Case Presentation: A 57-year-old woman with a history of morbid obesity, cholecystectomy, and prior choledocholithiasis with placement of biliary stents presented with nausea, vomiting, rigors, and fever with epigastric pain radiating to her back. Cardiopulmonary, neurological, and skin exams were unremarkable. Initial laboratory studies showed a white blood cell count of 10.7 x 10^3/µL, AST of 356 U/L, and ALT of 307 U/L. MRCP showed common bile duct dilatation with multiple stones in the distal biliary stent. She was admitted for sepsis secondary to choledocholithiasis with evolving Grade I cholangitis per the Tokyo 2018 guidelines. Empiric antibiotics were initiated and interventional gastroenterology was consulted. ERCP showed pus, sludge, and stones consistent with cholangitis and her biliary stents were replaced. Brushings from a common hepatic duct stricture were negative for atypia. In the interim, blood cultures taken at admission were positive for penicillin-resistant Streptococcus pneumoniae (S. pneumoniae). Chest X-ray did not show evidence of pneumonia and transthoracic echocardiogram (TTE) did not demonstrate any valvular vegetations, although the pulmonic valve was not well-visualized. Urinalysis and respiratory viral panel were negative. Infectious Disease was consulted and recommended transesophageal echocardiogram (TEE) to further evaluate the pulmonic valve. The study was negative and thus, given the unrevealing work-up, recommended treating for uncomplicated S. pneumoniae bacteremia with presumed source to be the biliary tree. The patient received IV antibiotics and recovered without complication.
Discussion: S. pneumoniae is an extremely rare cause for cholangitis.

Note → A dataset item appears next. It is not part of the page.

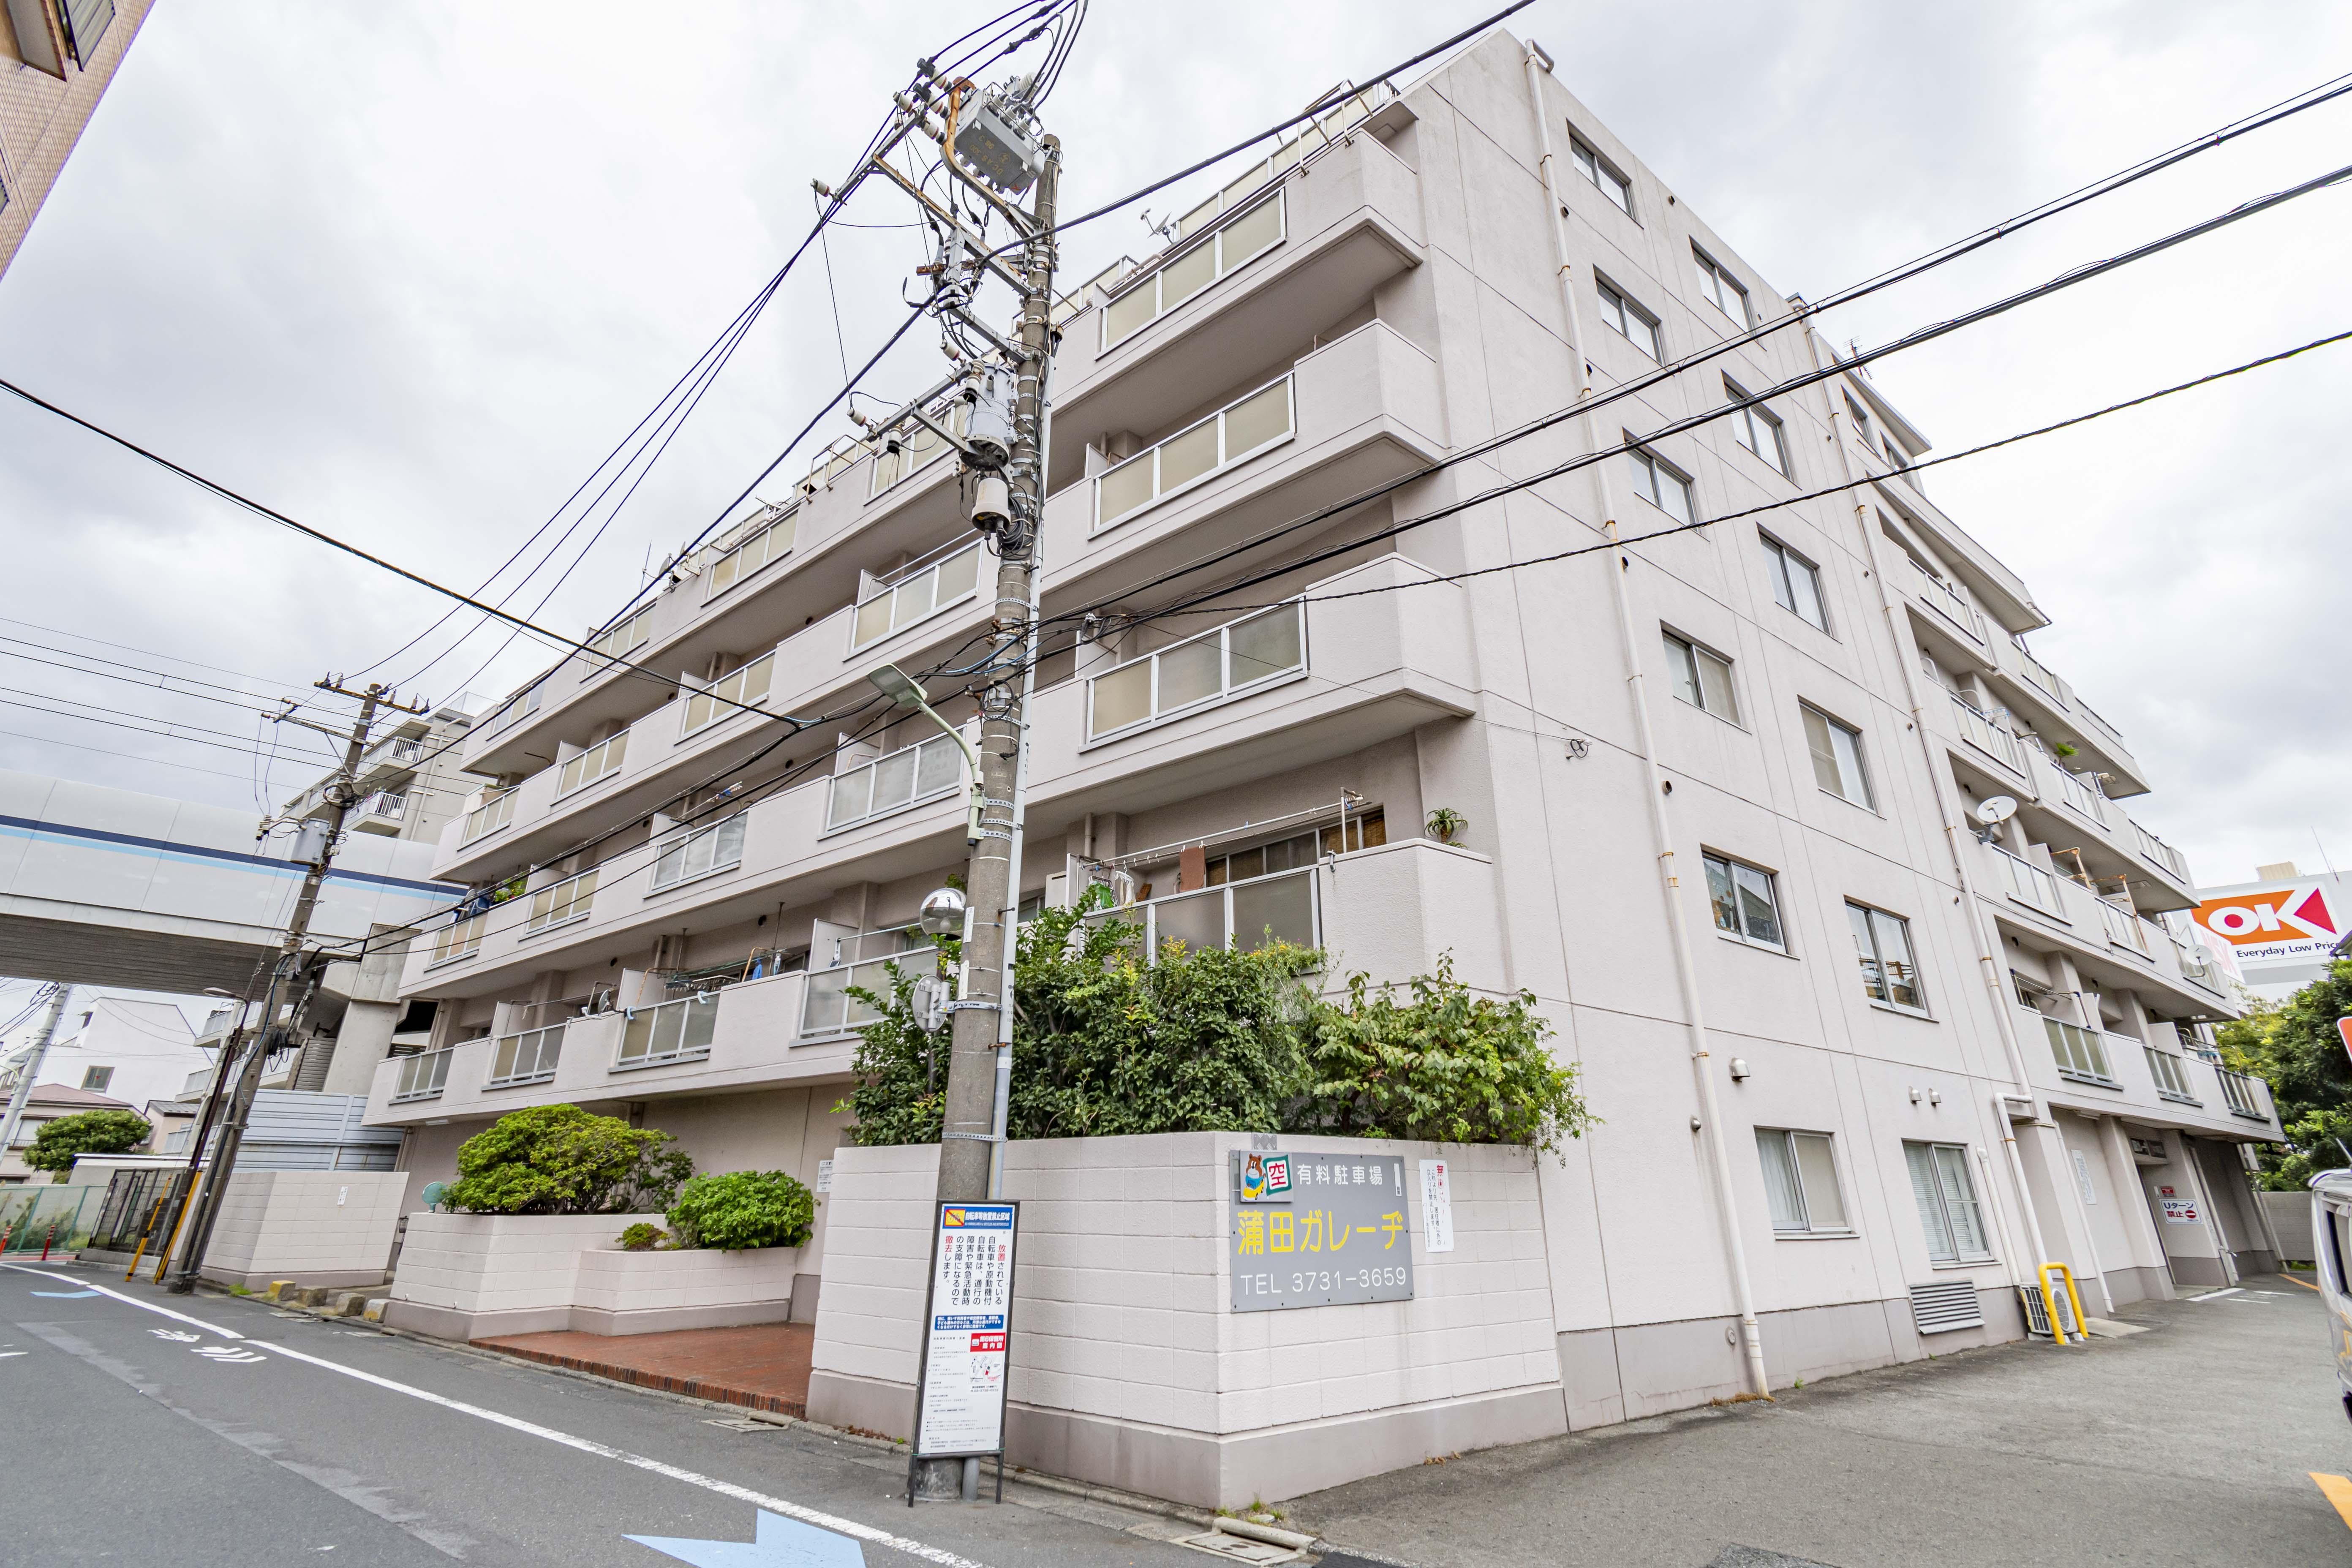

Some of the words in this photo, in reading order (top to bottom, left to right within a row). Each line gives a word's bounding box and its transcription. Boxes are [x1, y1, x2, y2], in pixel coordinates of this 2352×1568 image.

It is typically found in the nasopharynx and does not normally colonize the biliary tree due to its autolysis in bile. To our knowledge, pneumococcal biliary tract infections have not been described in the US literature but have been found in some international case reports to be associated with extrahepatic obstructive cholestasis and placement of biliary drainage devices (1-3). In this case, the patient had an extensive history of biliary disease and instrumentation from numerous prior ERCPs and stent placements and her examination, imaging studies, and infectious workup from this admission all failed to indicate a clear source of the S. pneumoniae bacteremia. Additionally, the ERCP findings were consistent with cholangitis, lending credibility to the hypothesis that the bacteremia originated from a biliary source given the negative cardiac and pulmonary workup. Thus, pneumococcal biliary tract infections may be underreported in patients with a history of biliary tract disease and/or device placement. However, given the costs and resources associated with definitive diagnosis of pneumococcal biliary tract infections (e.g., bile culture, studies like TEE to rule out alternative etiologies), culture confirmation of S. pneumoniae in bile may not be clinically necessary and physicians should consider treating S. pneumoniae bacteremia without definitive source identification.
Conclusions: In patients with S. pneumoniae bacteremia of unclear origin, a biliary source should be suspected in those with a history of biliary disease and device placement. From a clinical and high-value care perspective, the obtainment of a bile culture or other further diagnostic studies may not be necessary and should not preclude prompt treatment of the bacteremia and underlying cause.